Notre Seigneur la caressait souvent
visiblement. Une fois il lui apparut et la prit sur ses genoux : “Radegonde, lui dit-il,
vous n’êtes que sur mes genoux; bientôt vous serez sur mon
coeur.”
Quelques courtisans ayant calomnié
les moeurs de Radegonde auprès du roi, moururent honteusement en allant
à la selle; ce qui fit respecter la sainte.

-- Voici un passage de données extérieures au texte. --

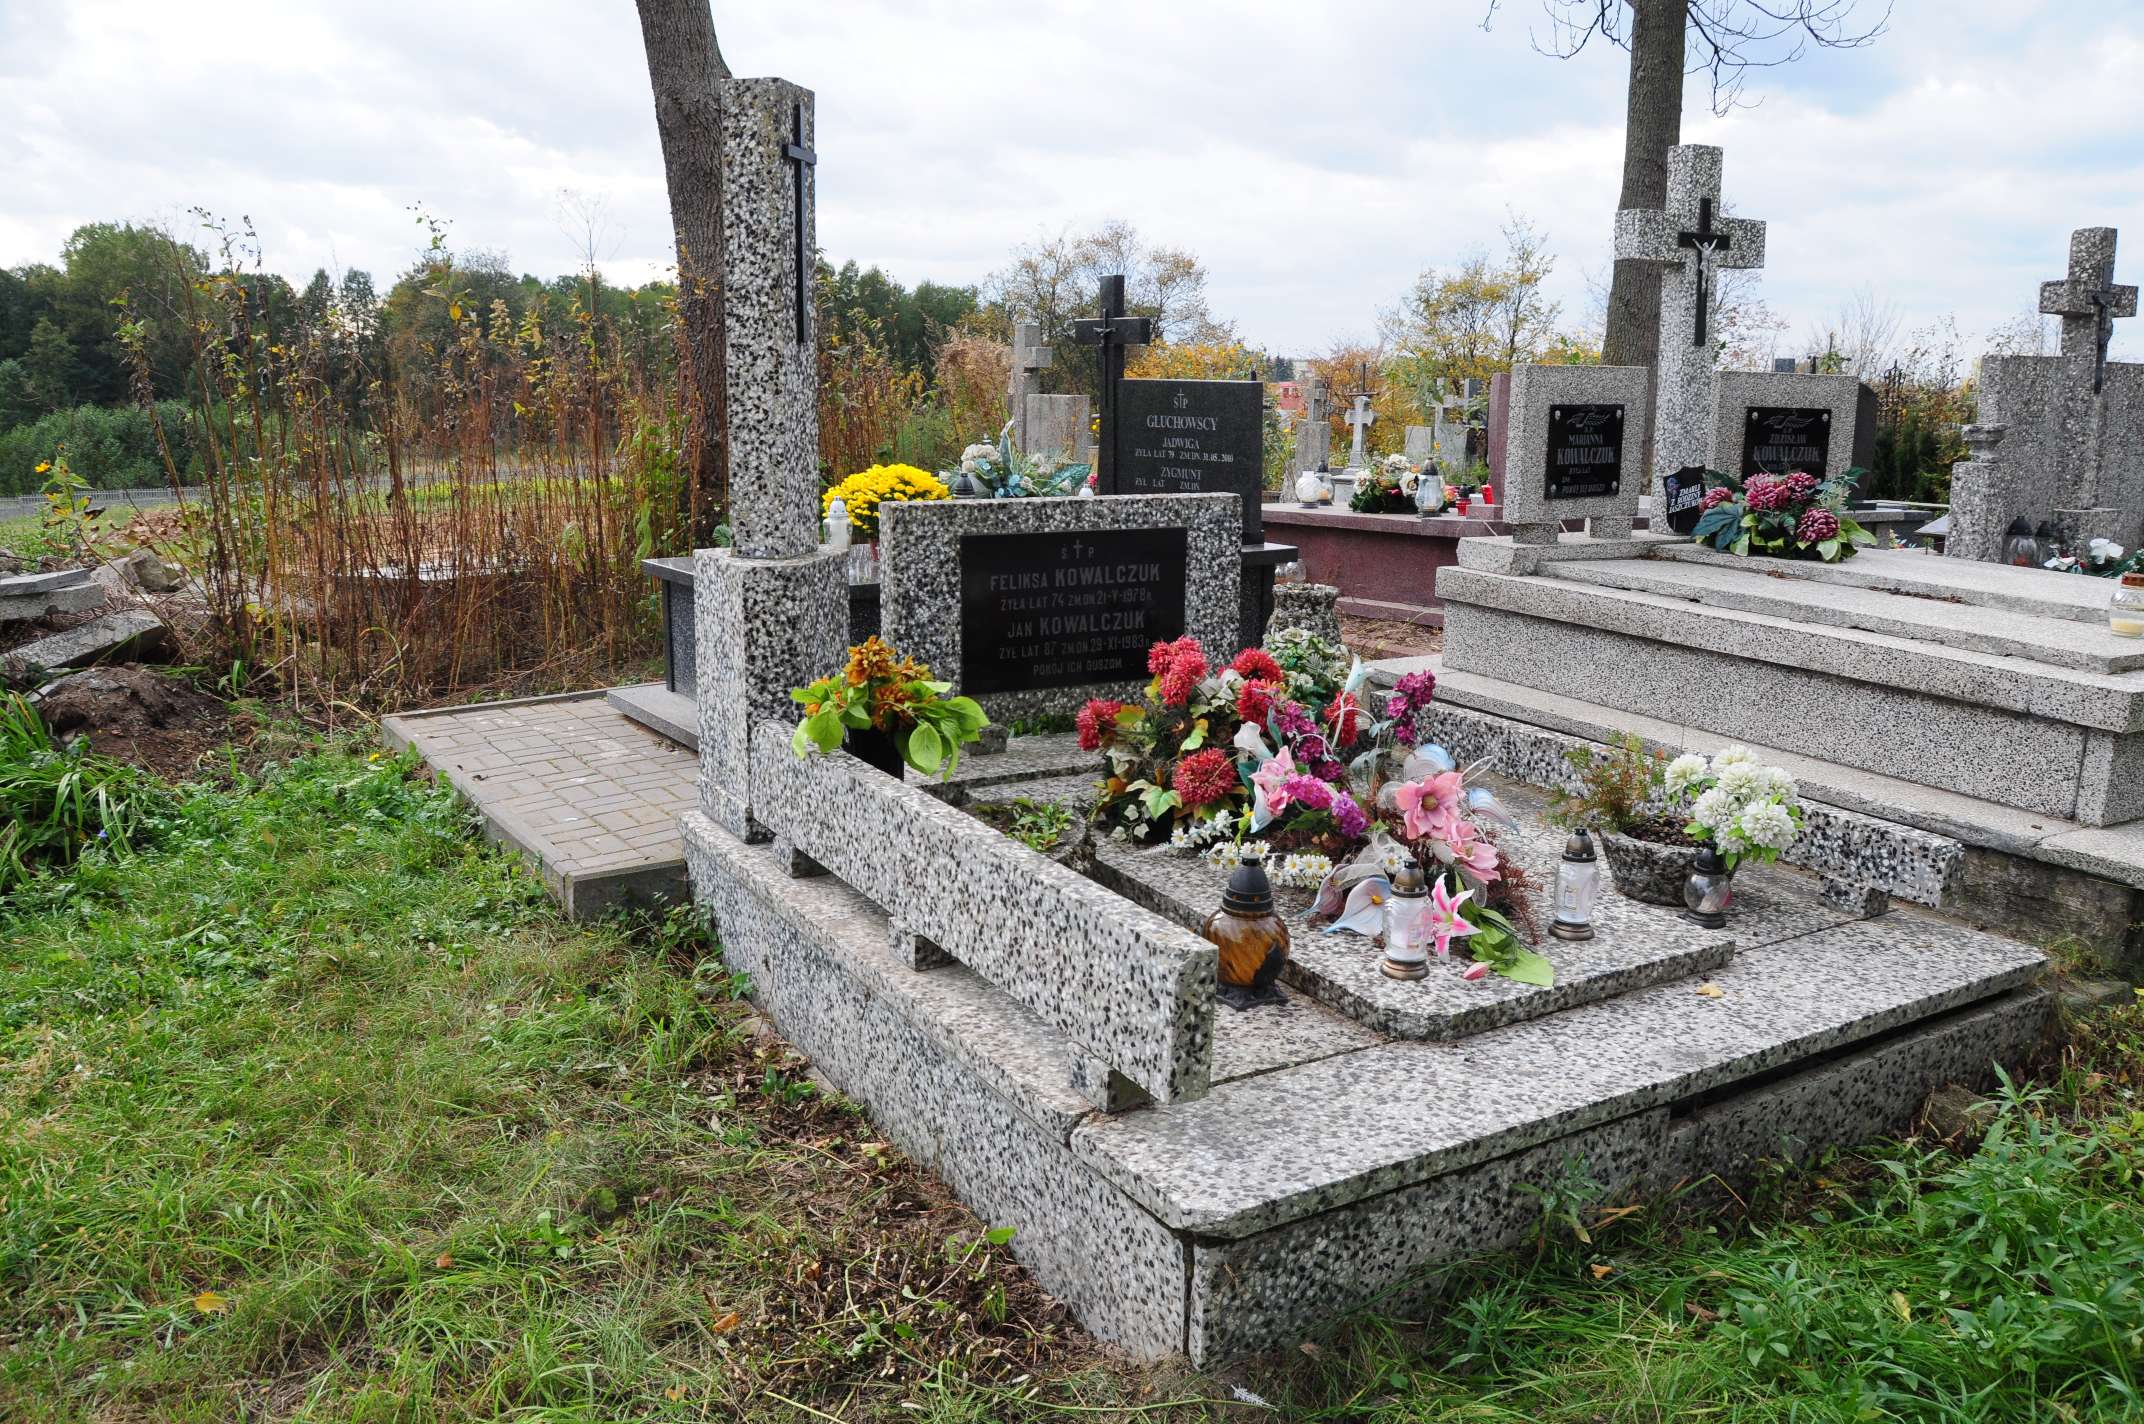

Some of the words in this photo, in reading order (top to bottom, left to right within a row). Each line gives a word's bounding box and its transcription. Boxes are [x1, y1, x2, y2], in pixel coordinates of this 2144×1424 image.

Des marins, sachant la vertu de Radegonde,
l’invoquèrent dans une tempête, quoiqu’elle fut encore
vivante. Incontinent, une colombe blanche comme la neige voltigea autour du
vaisseau. Un matelot la prit, lui
arracha trois plumes qu’il trempa dans la mer, et aussitôt la mer
s’apaisa. Ces trois saintes
plumes se conservaient à Poitiers, où elles faisaient des
miracles.
Un an avant sa mort, elle vit la nuit un
jeune homme d’une exquise beauté, qui lui fit mille
carresses. Elle le repoussa
d’abord très durement, le prenant pour un séducteur; elle
avait alors soixante-huit ans. Mais le beau jeune homme lui parla si
honnêtement, qu’elle vit qu’il n’en voulait pas
à sa chasteté, et qu’il venait tout simplement lui annoncer
sa mort, de façon qu’elle le traita mieux.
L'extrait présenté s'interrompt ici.